Pursuing the Pursuer

To appreciate this story fully, we must remind ourselves of a facet of Christian theology, one treated by A. W. Tozer in his little book The Pursuit of God. He titles the first chapter “Following Hard After God”:

“We pursue God because, and only because, He has first put an urge within us that spurs us to the pursuit. ‘No man can come to me,’ said our Lord, ‘except the Father which hath sent me draw him,’ and it is by this . . . drawing that God takes from us every vestige of credit for the act of coming. The impulse to pursue God originates with God, but the outworking of that impulse is our following hard after Him; and all the time we are pursuing . . . we are already in the divine hand. . . .

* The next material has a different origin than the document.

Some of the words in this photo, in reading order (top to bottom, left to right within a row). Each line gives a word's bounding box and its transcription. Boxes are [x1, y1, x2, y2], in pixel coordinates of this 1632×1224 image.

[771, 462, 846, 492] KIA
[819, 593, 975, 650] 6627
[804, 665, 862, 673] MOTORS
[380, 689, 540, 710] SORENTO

“In this divine search and human ‘following’ there is no contradiction. All is of God, for . . . God is always previous. In practice, however, . . . [we] must pursue God. On our part there must be positive reciprocation if this secret drawing of God is to yield a real experience of the Divine. In the warm language of . . . the forty-second psalm: ‘As the hart panteth after the water brooks, so panteth my soul after thee, O God. My soul thirsteth for God, for the living God: when shall I come and appear before God?’ This is deep calling unto deep, and the longing heart will understand it.

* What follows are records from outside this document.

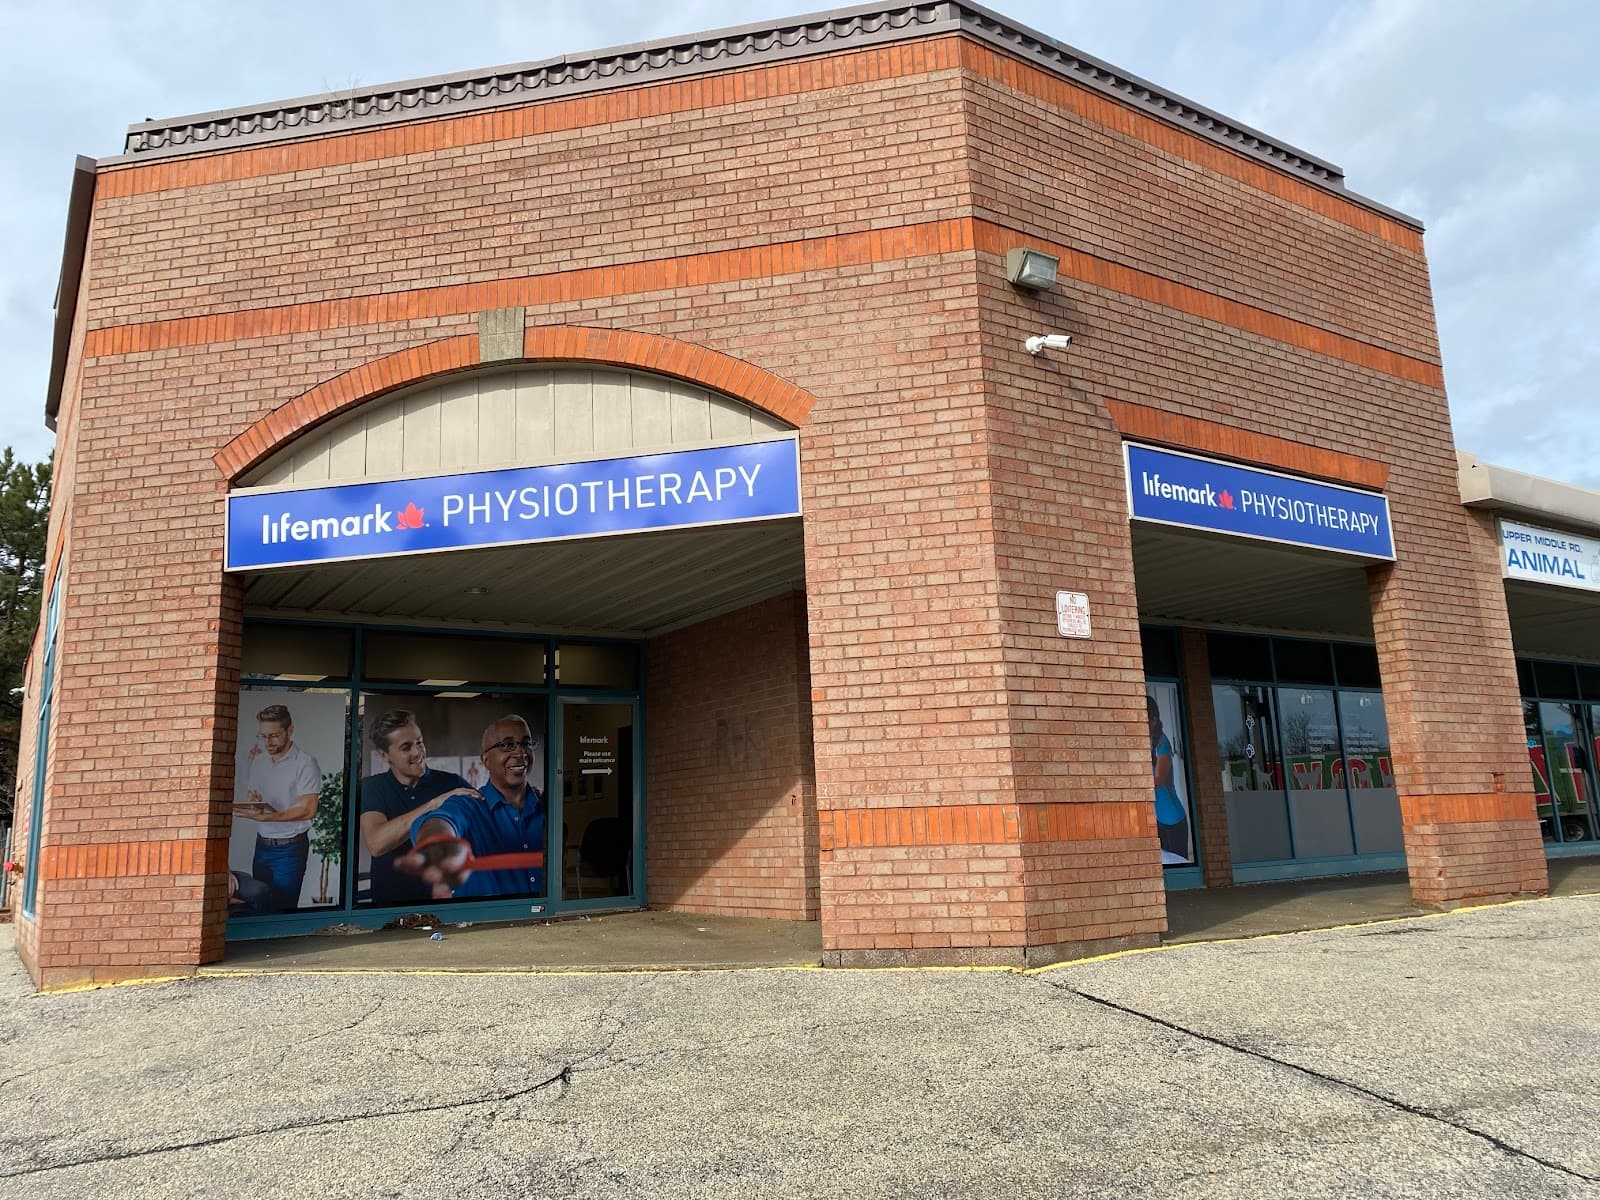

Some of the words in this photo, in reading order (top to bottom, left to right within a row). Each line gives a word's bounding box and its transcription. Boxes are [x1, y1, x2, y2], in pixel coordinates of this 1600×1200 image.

[262, 503, 393, 545] lifemark
[442, 463, 763, 527] PHYSIOTHERAPY
[1142, 471, 1218, 508] lifemark
[1240, 489, 1379, 536] PHYSIOTHERAPY
[1503, 529, 1532, 543] UPPER
[1534, 535, 1567, 550] MIDDLE
[1508, 548, 1585, 579] ANIMAL
[579, 735, 609, 744] lifemark

“Acute desire must be present or there will be no manifestation of Christ to His people. He waits to be wanted.”3

God plants within our hearts the urge to seek Him. And the Divine One waits for the response, waiting for us to follow hard after Him, to seek that we might find. Something truly remarkable happens when the seeking God is met by a searching person. When the heart of God intersects with a human heart, a heart that longs for the Creator of its desire, profound things occur. Once we have understood this, we are equipped to grapple with Mary’s story.

The others leave. Mary stays, weeping, by the tomb. Why? Surely because she loves Jesus. This was the last place she had glimpsed her dead Lord. The tomb is empty, but it is His tomb. It is all she has—her only connection to Jesus. She has come to minister to her Lord in death. And to add loss to tragic loss, she cannot locate His lacerated form. Her love for Jesus is evidenced by her watch at the tomb.

Graveyard Encounters

Still weeping, Mary bends down to look into the sepulcher. And she sees “two angels in white, sitting where the body of Jesus had been lying, one at the head and the other at the feet” (John 20:12). These two cannot be mistaken, appearing as they do in heavenly garb and celestial form. Divine sentinels sent from heaven’s courts, they do not so much bear a message as they are one. They are evidence that God is at work here. Grave robbers cannot explain their presence. This is an invasion of God’s power.

They ask Mary, “Why are you weeping?” (verse 13). She does not seem to mistake them as members of the cemetery staff, implicating them in the disappearance of her Lord. She replies, “They have taken away my Lord, and I do not know where they have laid him” (verse 13). So focused is she on her quest to locate the body of her dead Lord that she virtually ignores two angels.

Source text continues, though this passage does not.